The Presence of My Enemies

“You ask me if we will know each other in heaven. My friend, we will not really know each other UNTIL heaven!”

So as the joke goes, “A baptist pastor dies and goes to heaven…”

But inevitably the day finally came that I did. Right now, I’m standing by a roadside. But I don’t know how I got here.

Everything looks different, but also strangely familiar. There are flowers, trees, grass, and sky, but not like before. Now everything is bursting with color and detail. 

I’ve just stepped from a 14-inch black and white TV screen with bunny ear antennas to a high definition IMAX screen.

I’m somewhere that looks like earth, but is definitely not merely earth. I feel alive, but more alive than I ever have before. I can see things, hear things, feel things in a way I never have before today. Then it hits me. 

I’m not alive anymore.
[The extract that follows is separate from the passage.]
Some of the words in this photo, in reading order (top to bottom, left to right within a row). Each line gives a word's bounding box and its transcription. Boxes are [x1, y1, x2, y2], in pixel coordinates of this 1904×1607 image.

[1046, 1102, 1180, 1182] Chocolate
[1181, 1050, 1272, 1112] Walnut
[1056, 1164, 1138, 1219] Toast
Yet I feel more alive than ever. How ironic.

I have no idea what happened to bring me to this place. I expect it was one of those mundane moments that often lead to a person’s death.
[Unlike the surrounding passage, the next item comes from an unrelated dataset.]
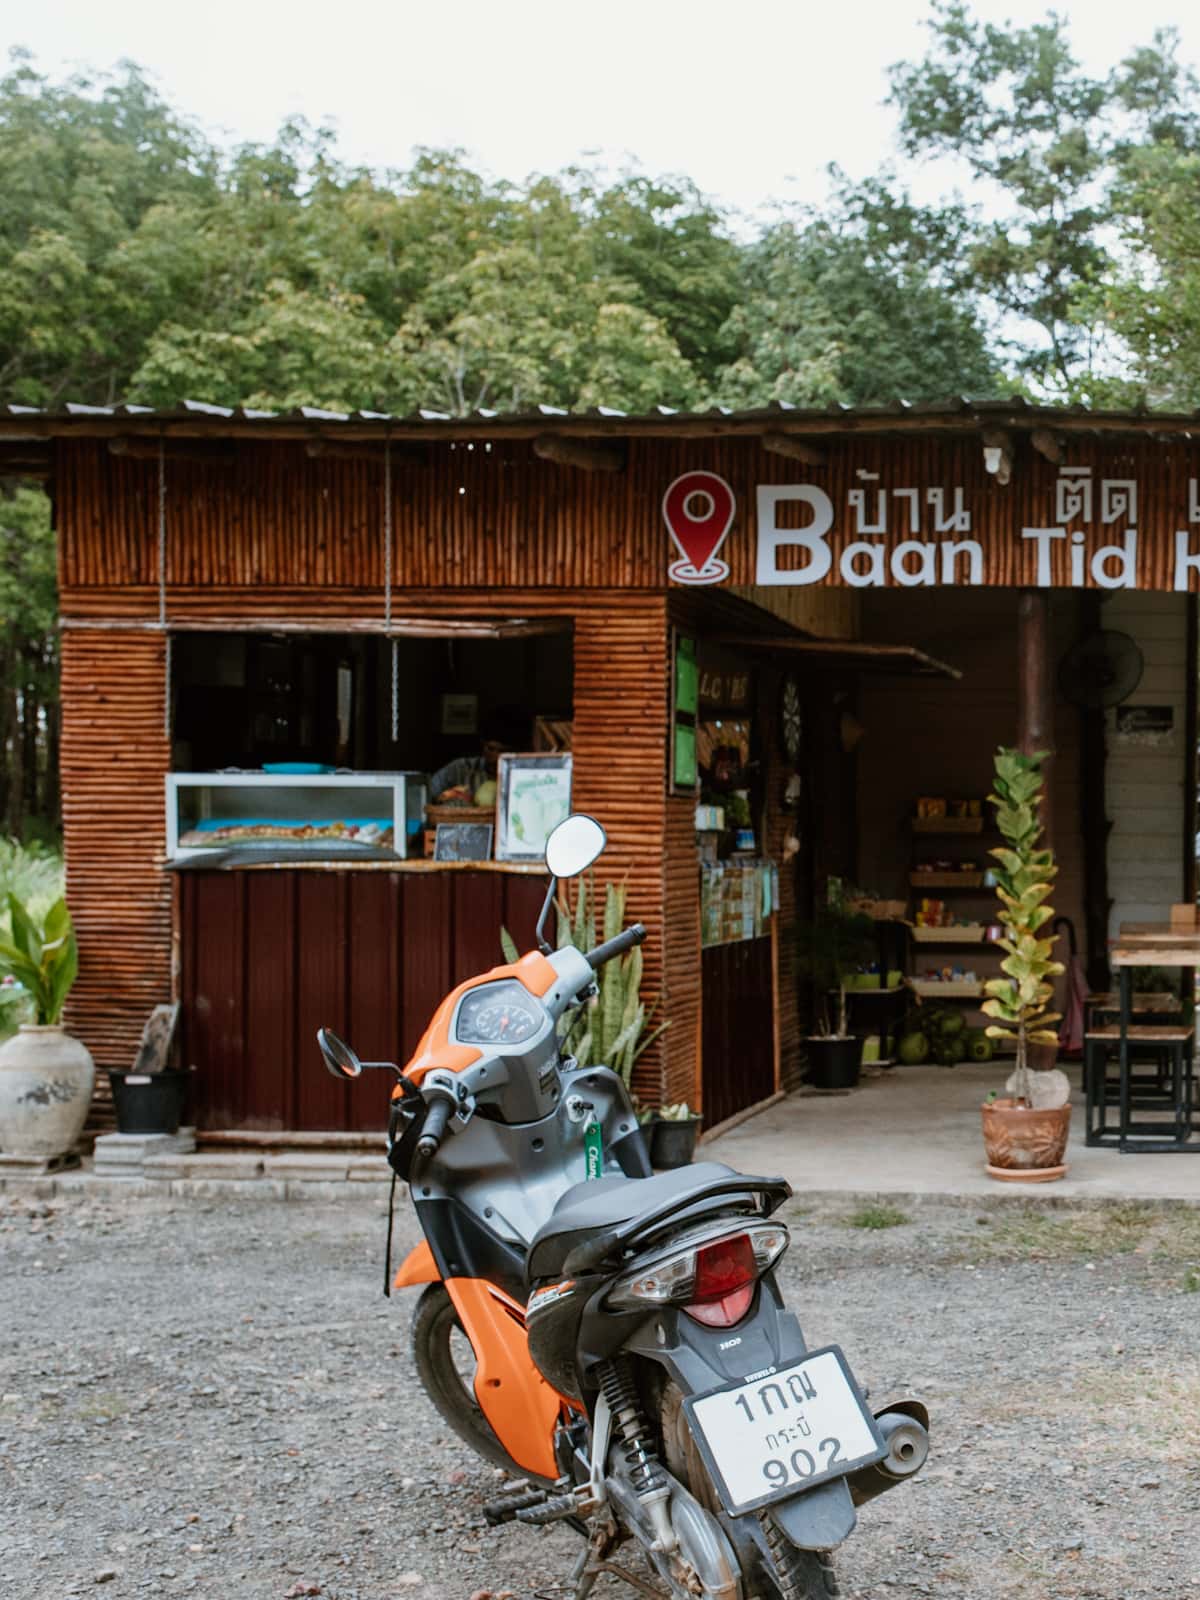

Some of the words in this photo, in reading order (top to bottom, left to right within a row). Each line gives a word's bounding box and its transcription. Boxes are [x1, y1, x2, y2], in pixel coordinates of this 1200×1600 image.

You look away from the road for a split second. Your foot slightly misses the next step in front of you. A sharp pain shoots through your arm and you wonder, “What could have caused that?”

Then, you’re suddenly somewhere else. Death is hardly ever as dramatic as in the movies. No goodbye speeches, few chances for warm farewells. More often unforeseen accidents, hospital rooms with morpheme to numb the pain, and a slipping away without our complete awareness. And then…we’re gone.
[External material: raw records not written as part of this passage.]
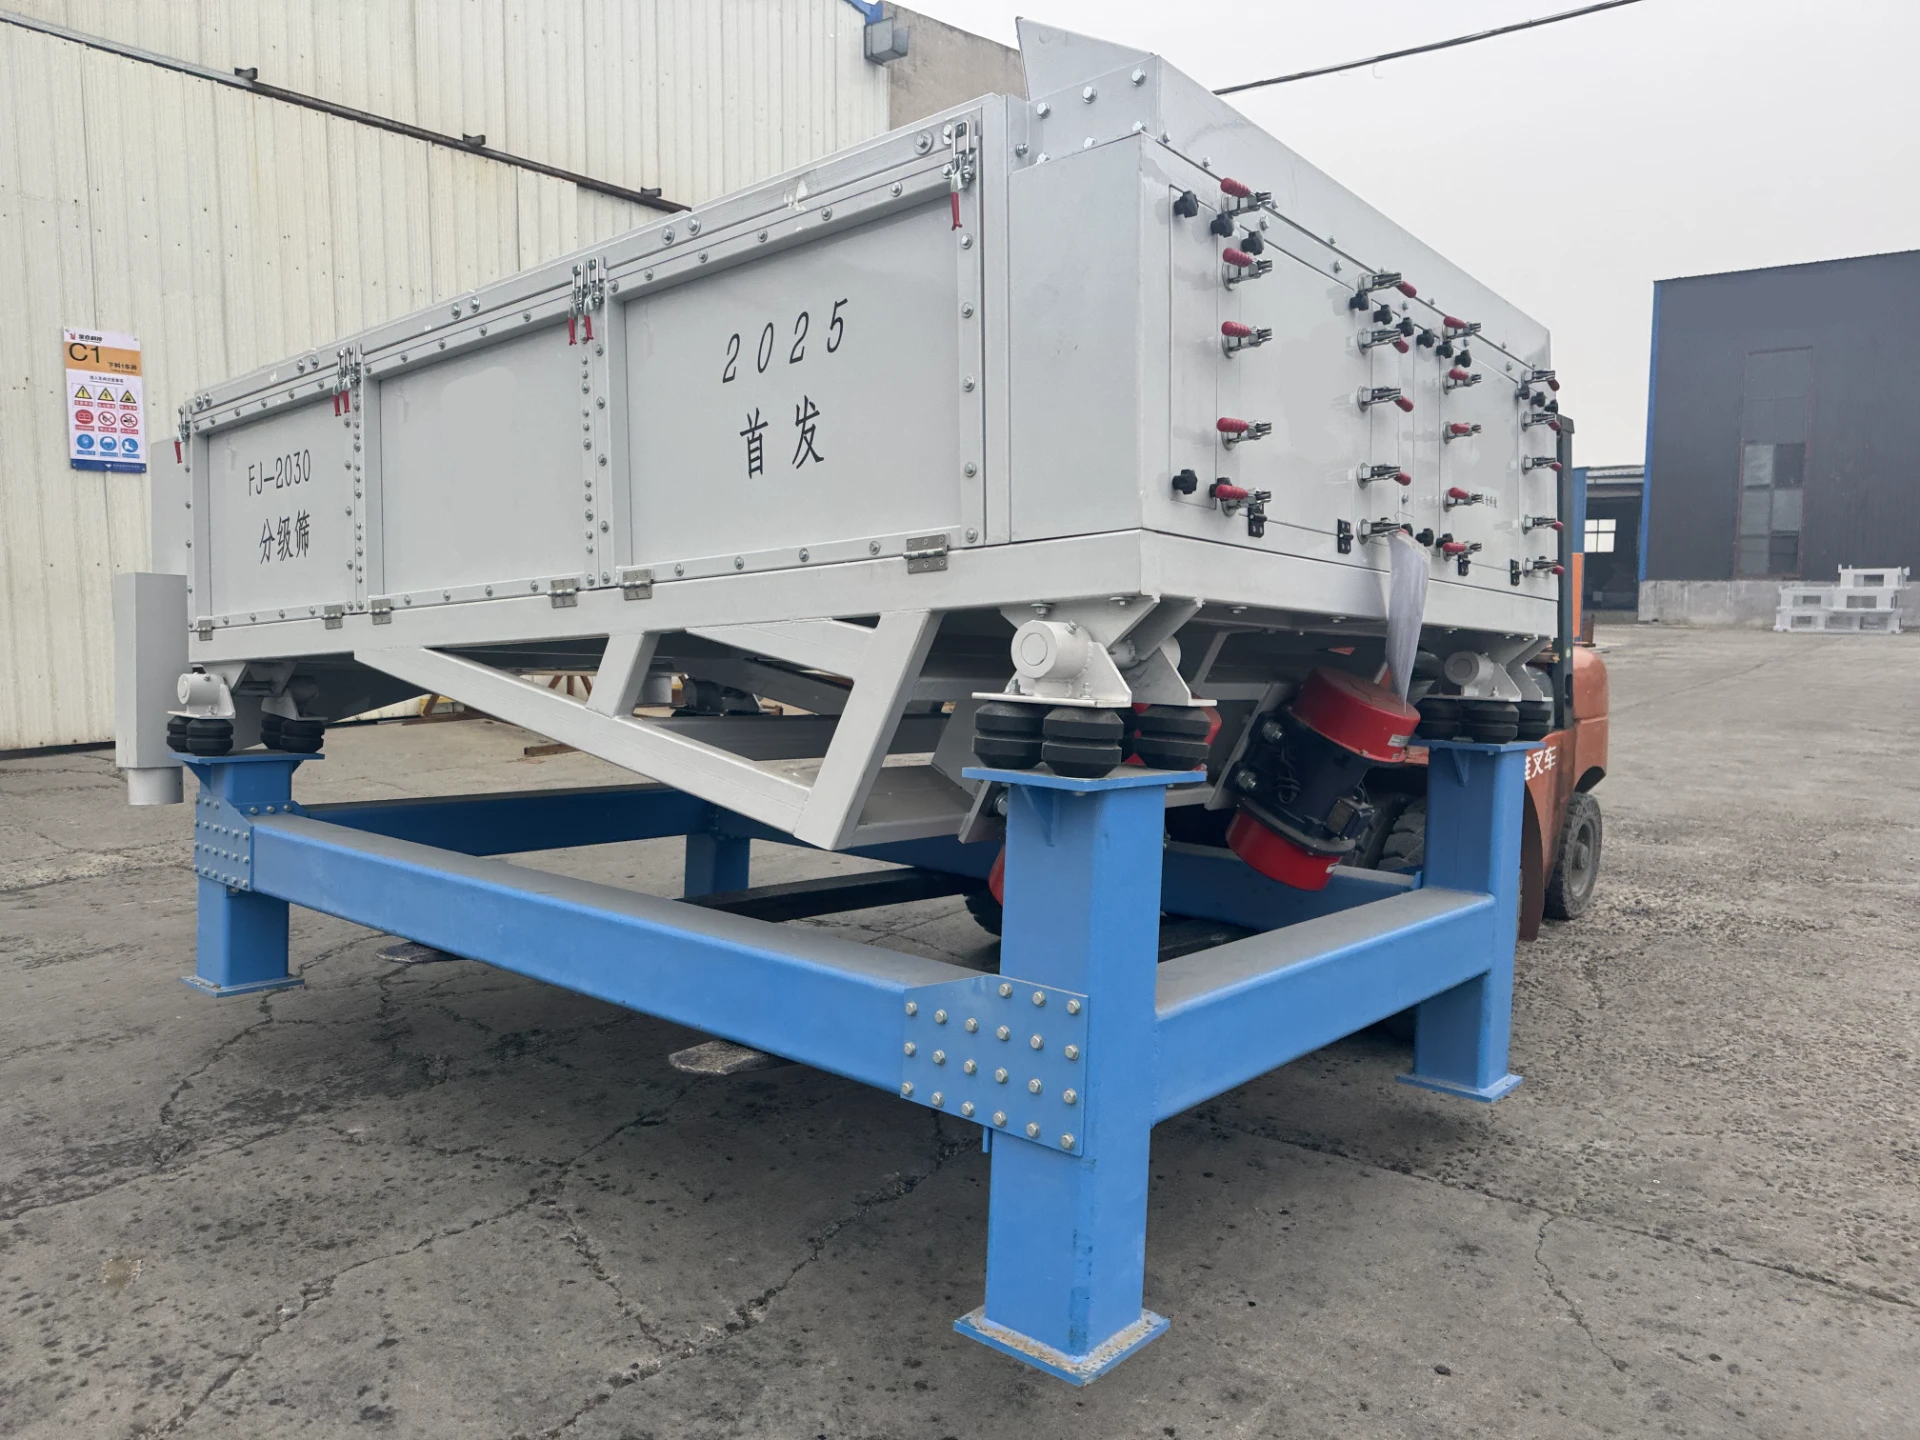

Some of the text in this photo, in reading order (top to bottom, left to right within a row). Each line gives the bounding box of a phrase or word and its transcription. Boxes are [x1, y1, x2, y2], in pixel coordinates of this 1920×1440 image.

[68, 342, 100, 364] C1
[722, 297, 848, 384] 2025
[739, 394, 825, 479] 首发
[248, 448, 311, 497] FJ-2030
[258, 508, 310, 564] 分级筛
And now I’m here. Wherever here is.

Suddenly I laugh to myself. “Maybe my wife finally came to her senses and killed me in my sleep. Every morning I’ve woken up after an argument surprised not to find a pillow over my face!”

I see Dawn’s face in my mind, and wonder how she is. Wonder how she’s grieving, and hoping she’s moving on and enjoying life again. Then I feel a sense of calm, because I know she’s ok and that she’ll be here soon.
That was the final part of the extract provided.